The full listing should be written out verbatim, and its images should be dropped.
---*---
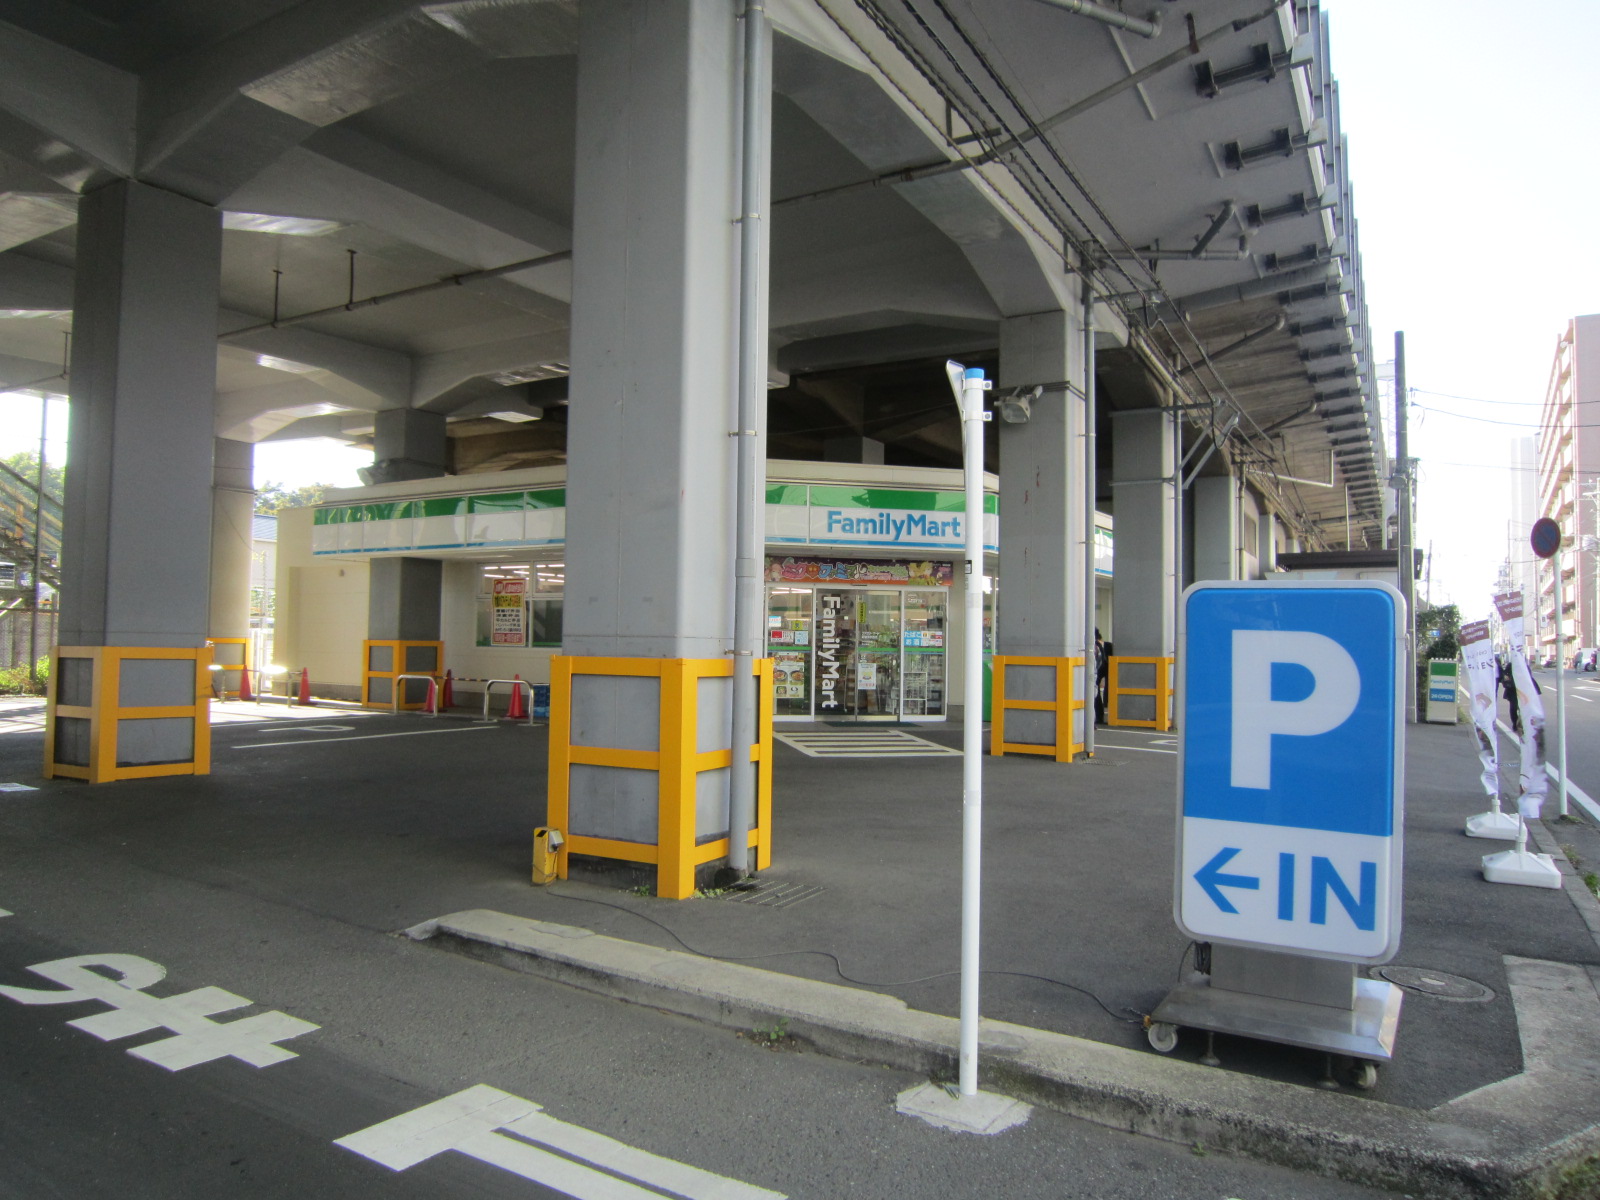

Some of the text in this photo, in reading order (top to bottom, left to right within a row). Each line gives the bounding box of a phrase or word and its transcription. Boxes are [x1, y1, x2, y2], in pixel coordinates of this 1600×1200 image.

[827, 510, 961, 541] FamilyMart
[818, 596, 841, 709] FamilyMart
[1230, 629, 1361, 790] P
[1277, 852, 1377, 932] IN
---*---
### Response box
Some of the text in this photo, in reading order (top to bottom, left to right within a row). Each line gives the bounding box of a phrase or word and its transcription. Boxes are [x1, y1, x2, y2], in pixel coordinates of this 1600×1200 image.

[827, 510, 961, 541] FamilyMart
[818, 596, 841, 709] FamilyMart
[1230, 629, 1361, 790] P
[1277, 852, 1377, 932] IN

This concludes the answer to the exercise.